August 26th, 2009 19:50 EST
Aspirin Therapy: Is It The Right Choice?
Aspirin is a white, crystalline compound, which is derived from salicylic acid, and is commonly used in tablet form to relieve pain and reduce fever and inflammation. It is also called acetylsalicylic acid. This popular tablet earned the moniker "wonder drug" because of its numerous benefits, especially for people with coronary artery disease, stroke, and transient ischemic attack (a temporary interruption of blood flow to the brain), which often serves as a warning for an imminent stroke.To help lower the risk of heart attack or stroke, doctors recommend the taking of low-dose aspirin (81mg) every day for patients with the following experiences and conditions:
Doctors recommend the daily usage of aspirin to their patients, elucidating that this therapy can help lower the risk of heart attack and stroke. According to medical experts, aspirin interferes with the person`s blood`s clotting action during a heart attack or stroke; thus preventing the devastating effects of these fatal conditions by reducing the clumping action of blood platelets. Besides the drug`s effectiveness against heart attack and stroke, aspirin is also reported to boost the survival rate of people with colon cancer, as published in the Journal of the American Medical Association.
In this study, researchers from Massachusetts General Hospital, Dana-Farber Cancer Institute, and Brigham and Women`s Hospital collectively analyzed the link between aspirin use and survival among 1,279 adults with stage I, II, or III nonmetastatic colorectal cancer, or cancer that had not spread to distant areas. Participants enrolled in the 1980s prior to their cancer diagnosis and agreed to provide updates to the researchers concerning their health conditions. In June 2008, researchers discovered that study participants who reported aspirin use after being diagnosed with colorectal cancer had a 29% lower risk of colorectal cancer death and a 21% lower risk of overall death, compared to non-aspirin users.
- After a heart attack, to prevent another one.
- By people who have coronary artery disease.
- By people with stable angina.
- By people with unstable angina.
- After bypass surgery or angioplasty.
- By people who have had a stroke or transient ischemic attack (TIA).
- After surgery to prevent a stroke (carotid endarterectomy).
- By healthy men over age 40 who have one or more risk factors for heart disease, as long as their blood pressure is controlled and the benefits of aspirin are greater than the risks.
- By healthy women over age 65, or women under 65 who have one or more risk factors for heart disease as long as their blood pressure is controlled and the benefits of aspirin are greater than the risks.
Although aspirin offers many benefits, it is not right for everyone. Aspirin`s anti-clotting action can cause unwanted side effects such as stomach bleeding and bleeding in the brain. People with stomach ulcers, a history of gastrointestinal bleeding, blood-clotting disorders, uncontrolled high blood pressure, and liver or kidney disease may need to avoid aspirin. Aspirin should not be taken by people who are at risk for or who have had a hemorrhagic stroke, which is a type of stroke that is not caused by a blood clot but rather by bleeding into and around the brain.
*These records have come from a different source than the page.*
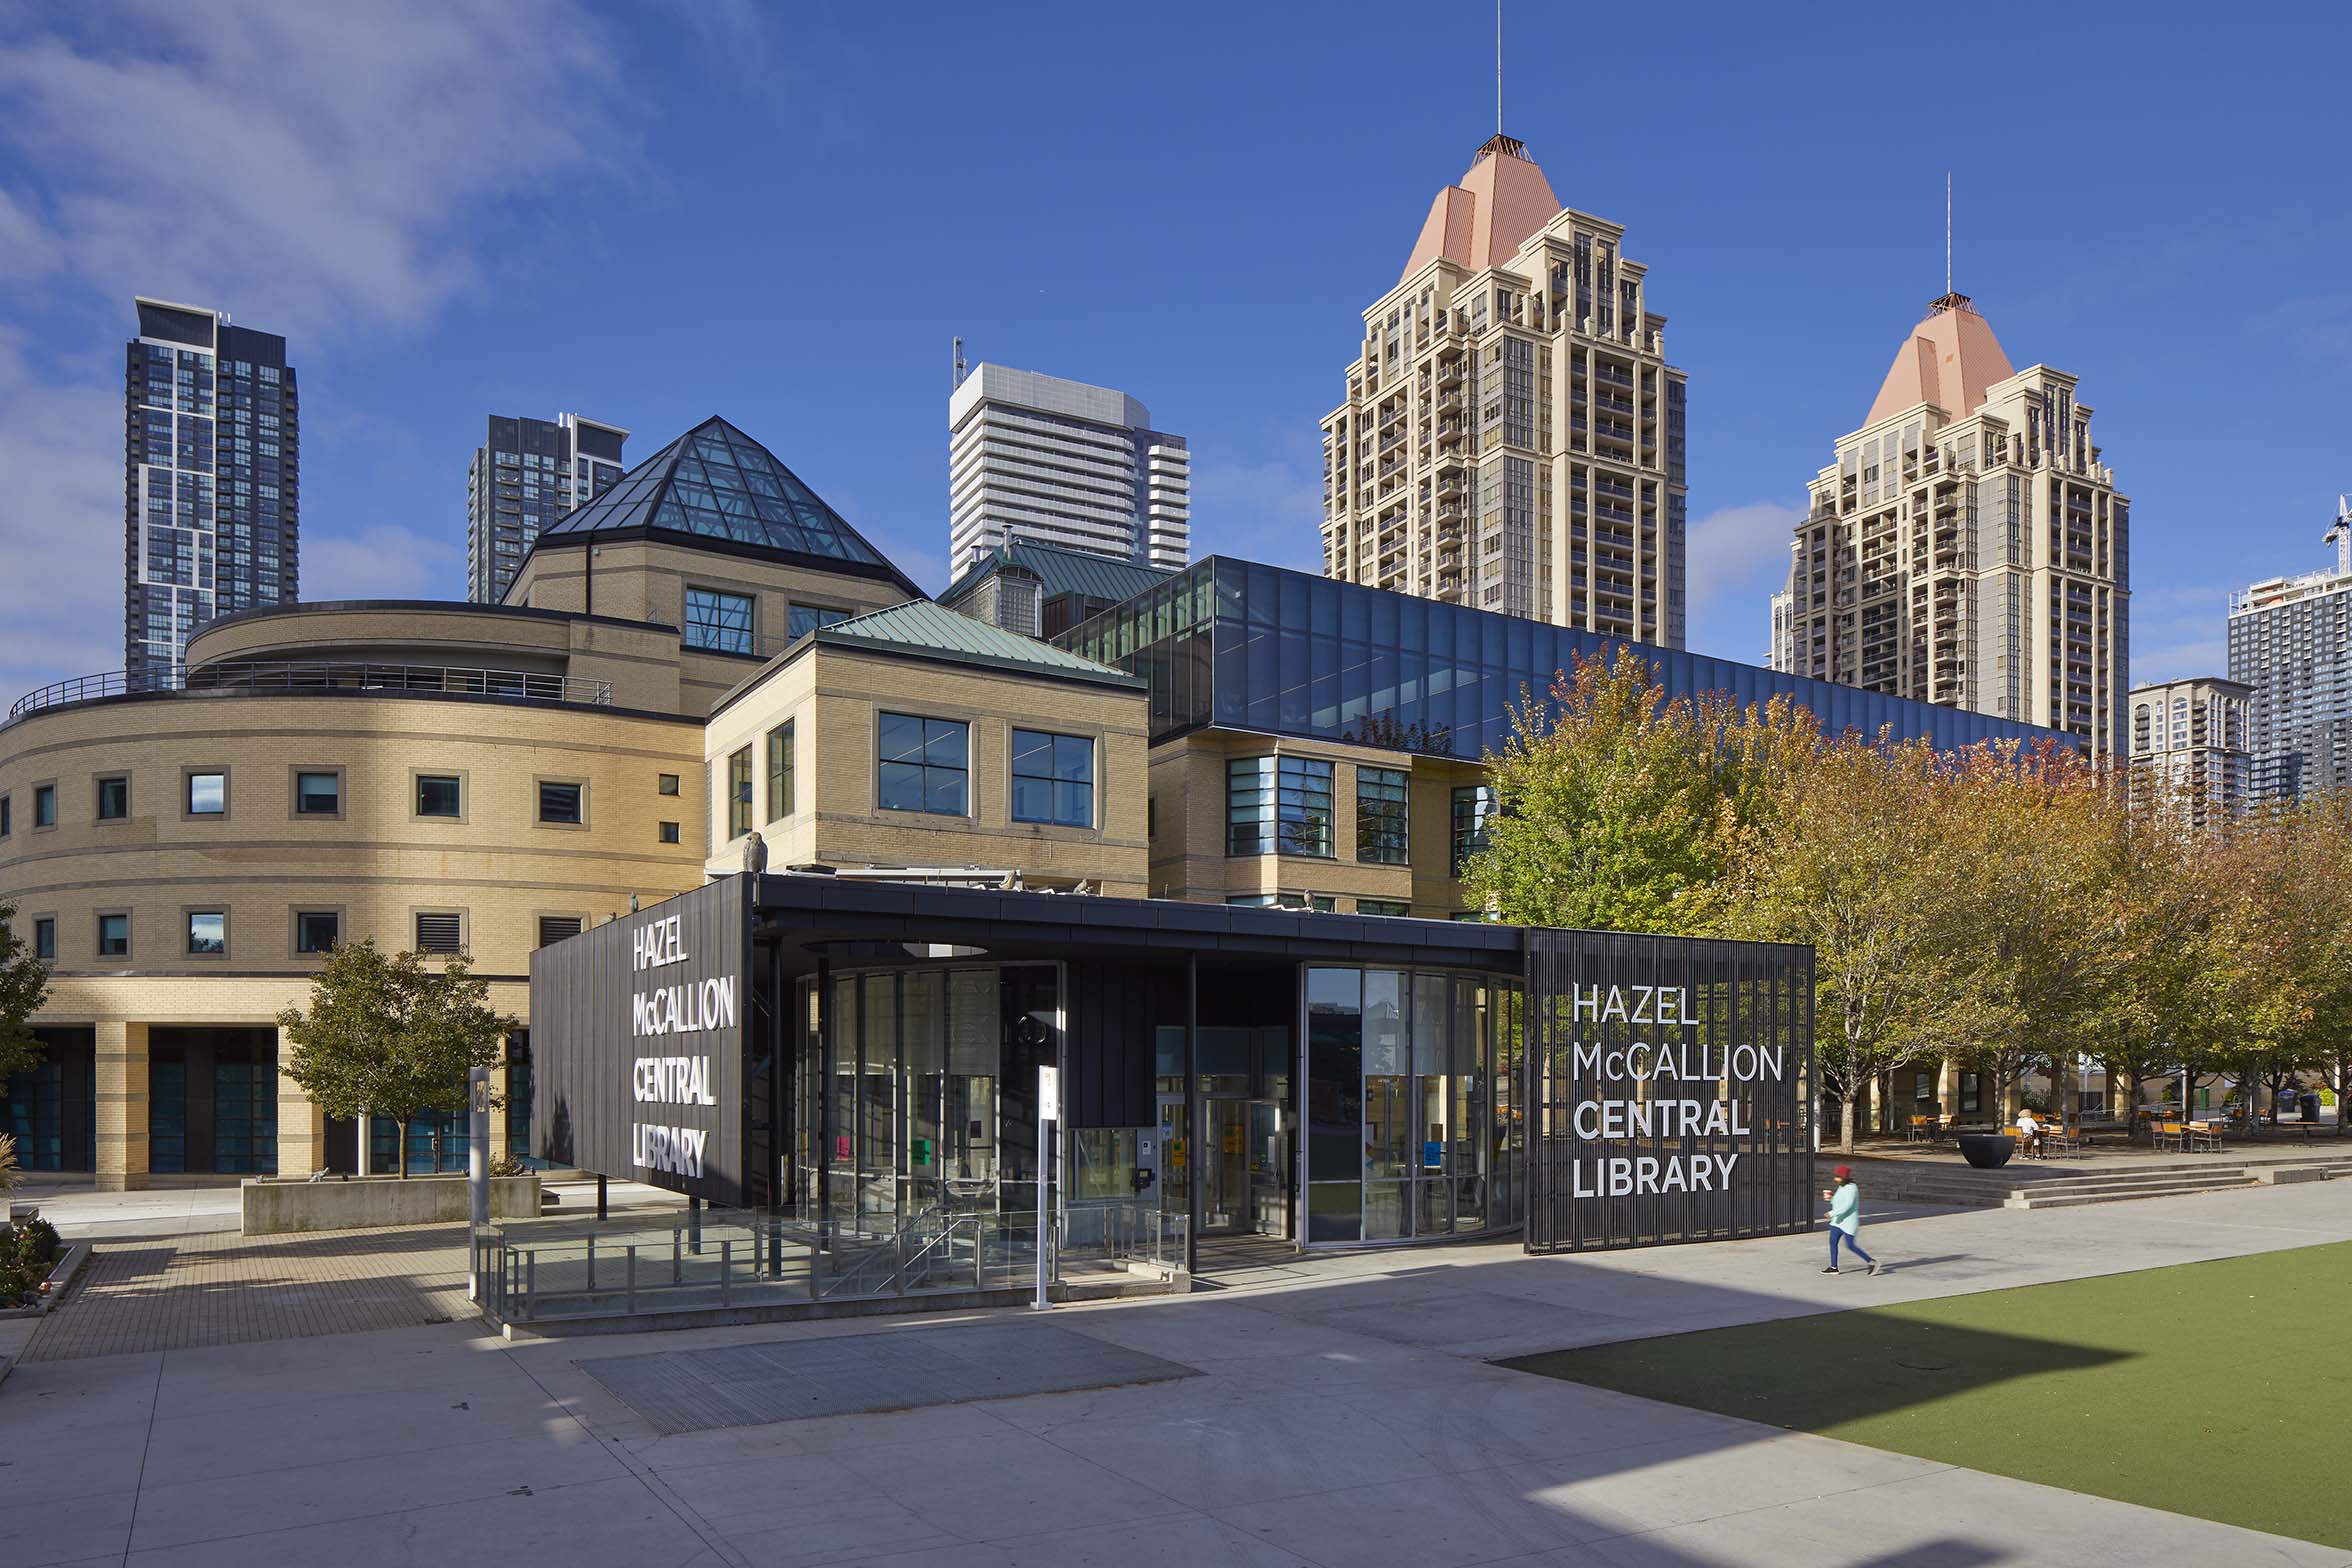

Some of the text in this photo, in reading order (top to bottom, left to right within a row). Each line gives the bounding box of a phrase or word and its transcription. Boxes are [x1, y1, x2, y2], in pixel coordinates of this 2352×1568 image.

[634, 914, 688, 971] HAZEL
[634, 975, 736, 1036] McCALLION
[1574, 983, 1699, 1025] HAZEL
[633, 1055, 716, 1106] CENTRAL
[1574, 1041, 1782, 1082] McCALLION
[1574, 1099, 1750, 1140] CENTRAL
[633, 1122, 709, 1178] LIBRARY
[1573, 1153, 1738, 1198] LIBRARY
People who are sensitive to aspirin should not take it because it can trigger asthma attacks. It is important to consult with your doctor before taking aspirin if you`re already taking prescribed blood thinners, such as Coumadin, because the combined effect of these two drugs could result in bleeding problems.
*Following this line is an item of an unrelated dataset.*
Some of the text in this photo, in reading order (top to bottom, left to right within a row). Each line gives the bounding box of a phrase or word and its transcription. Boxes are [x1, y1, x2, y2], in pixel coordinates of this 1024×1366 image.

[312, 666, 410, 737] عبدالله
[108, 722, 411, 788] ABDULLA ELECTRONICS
Recent studies also show that aspirin therapy does not help patients with peripheral artery disease (PAD). Study co-author William R. Hiatt, MD, of the University of Colorado, Denver, stated that "there is no compelling reason to prescribe aspirin" to patients who do not have documented coronary artery disease. He added that it is far from clear if the benefits of aspirin outweigh the risks in the roughly 4 million to 6 million patients with PAD. Cardiologist and study co-author Mori J. Krantz, MD, of the Colorado Prevention Center, expressed that a large, randomized study is needed to fully understand the risks versus benefits of aspirin therapy in patients with PAD. "The benefits of aspirin therapy in coronary artery disease are unequivocal, but we can`t say the same for patients with peripheral artery disease," he said. "In this era of evidence-based medicine, we owe it to ourselves to adequately study this drug regimen in this population."